My dear friend and her husband had just been dealt a shattering blow: another failed infertility treatment, this one most likely their last attempt. The odds were stacked against them. The doctors were telling them that trying again was almost useless. Miracles can always happen, though, and the potential for biological children had just moved into that category.
“You can have my life,” I said as we made our way to my kitchen table, her hand curled around a cup of tea. “But if you want it, you have to do exactly what you are doing right now.”
If she had only known me when I stood in the exact spot where she stands right now. Eight years earlier I was where she was. Childless. Broken. Begging. Dreaming.
In order to get where I am, I had to go through the same fire she is walking through.
She is grieving, just like I was eight years earlier. So sad. So painful. So unbearable. As much as the pain I lived through defines me, I can’t imagine having to walk through it again.
My husband and I are entering our forties, and it is just now that we have the farm we have been saving and planning for since we got married almost two decades ago. It is just now that we have children to fill our lives. It is just now that we are done moving around the country and the world with the military. It is just now that the pain we lived with has dissipated.
We look at others and think we want what they have. Their lives look like the life of our dreams. But chances are, the roads they traveled were not free of pain.
Mine definitely wasn’t.
My husband and I endured five failed attempts at IUI and four failed attempts at IVF before turning to adoption. We nearly lost one of our sons in the delivery room. I had an appendicitis while pregnant and living in Turkey and had to have emergency stomach surgery while wide awake. I was flown to Germany in early labor and spent four months in a foreign country waiting for a baby to arrive. I spent a year debilitated by sickness and depression during my last pregnancy.
My journey to here has not been without trials. And there is no guarantee that tomorrow, a new trial won’t emerge. Nothing I have now–my husband, my children, our land–is promised to be here when I wake up in the morning.

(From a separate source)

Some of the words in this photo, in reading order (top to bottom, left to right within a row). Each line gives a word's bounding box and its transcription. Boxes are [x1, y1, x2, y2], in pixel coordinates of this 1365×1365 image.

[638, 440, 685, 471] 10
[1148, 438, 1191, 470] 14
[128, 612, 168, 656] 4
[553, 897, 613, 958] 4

[Tweet “The only way to see our stories written is to walk through the words on the page.”]Sometimes we can’t even walk through them. We must crawl. Drag ourselves. Hang on for dear life.
I look at my friend. I grieve with her. But I am also excited for her. I am so excited to see the words of her story dancing across the page. I cannot wait to read the next chapter.

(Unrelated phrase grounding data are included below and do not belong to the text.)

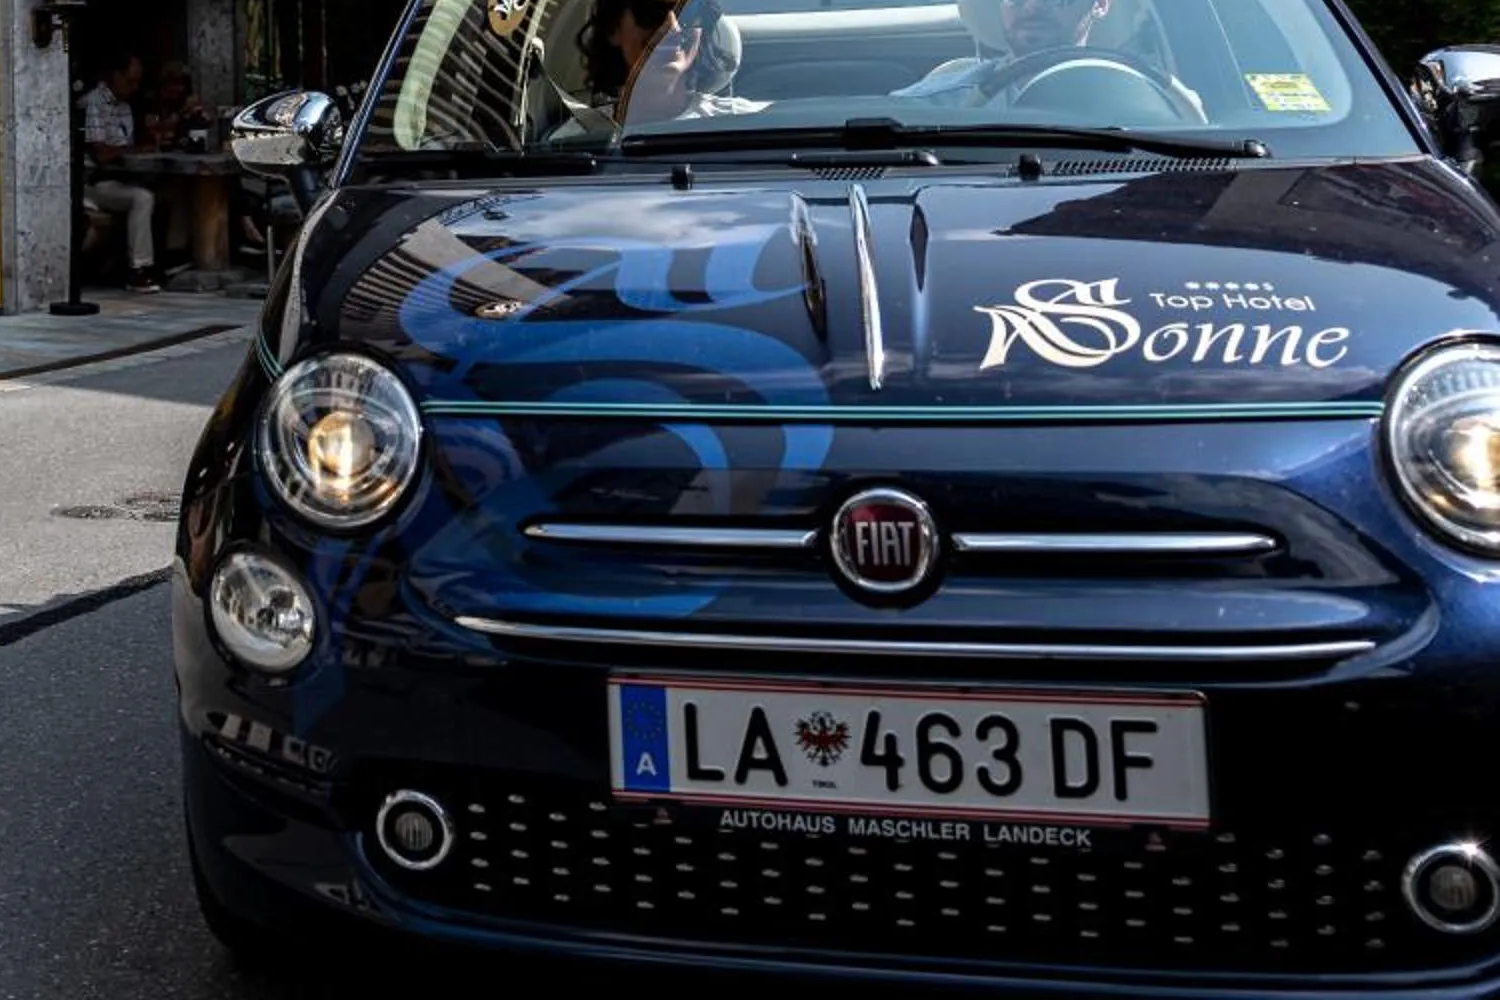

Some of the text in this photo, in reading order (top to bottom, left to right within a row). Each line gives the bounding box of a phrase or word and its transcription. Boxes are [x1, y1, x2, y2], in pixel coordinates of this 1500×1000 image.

[1148, 292, 1316, 312] Top Hotel
[855, 520, 915, 566] FIAT
[636, 702, 1159, 802] A LA 463 DF
[720, 809, 1092, 846] AUTOHAUS MASCHLER LANDECK
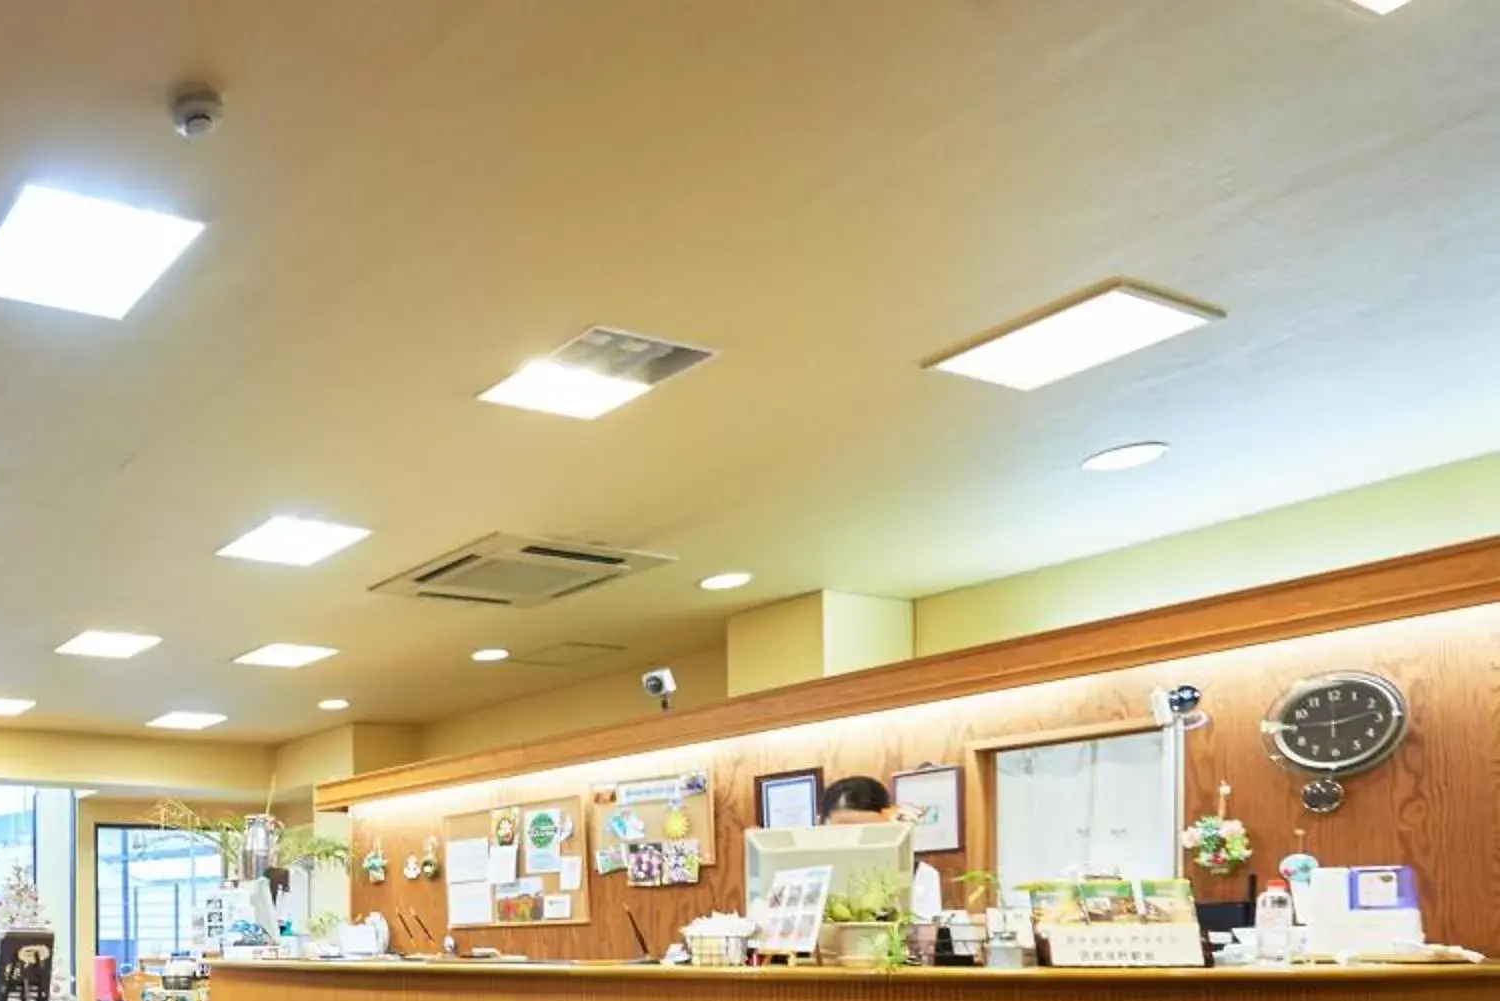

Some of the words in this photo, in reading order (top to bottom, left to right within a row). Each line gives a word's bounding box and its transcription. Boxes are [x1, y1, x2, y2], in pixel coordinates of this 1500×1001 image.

[1327, 689, 1341, 701] 12
[1351, 691, 1358, 702] 1
[1308, 697, 1321, 708] 11
[1367, 698, 1376, 709] 2
[1295, 708, 1309, 720] 10
[1374, 713, 1384, 723] 3
[1365, 727, 1375, 738] 4
[1312, 744, 1320, 756] 7
[1353, 739, 1362, 751] 5

Wendi Kitsteiner is a former city girl now living on a farm in the middle of nowhere, Tennessee with her husband and four young children. She is passionate about the causes of infertility, adoption, and keeping it real as a mom. You can follow her at flakymn.blogspot.com or becauseofisaac.org.
“We look at others and think we want what they have. Their lives look like the life of our dreams. But chances are, the roads they traveled were not free of pain.” SO much truth here!
I submitted this piece MANY months ago without a title. While it was in “production”, my church asked us to give our testimony for a series called “Tell the story.”
Here is a copy of the testimony we shared:
https://vimeo.com/169888312
I really think this is more than coincidence that these two things occurred at the same time. God is so cool.
I used to envy others lives. They appeared so vibrant and happy. I finally learned that they too, were suffering behind those smiling faces. God made us unique in our own ways. Once we find that place of peace in Him, our smiles become a reflection of Him and not a secret of hidden pain. Thank you for this truthful post.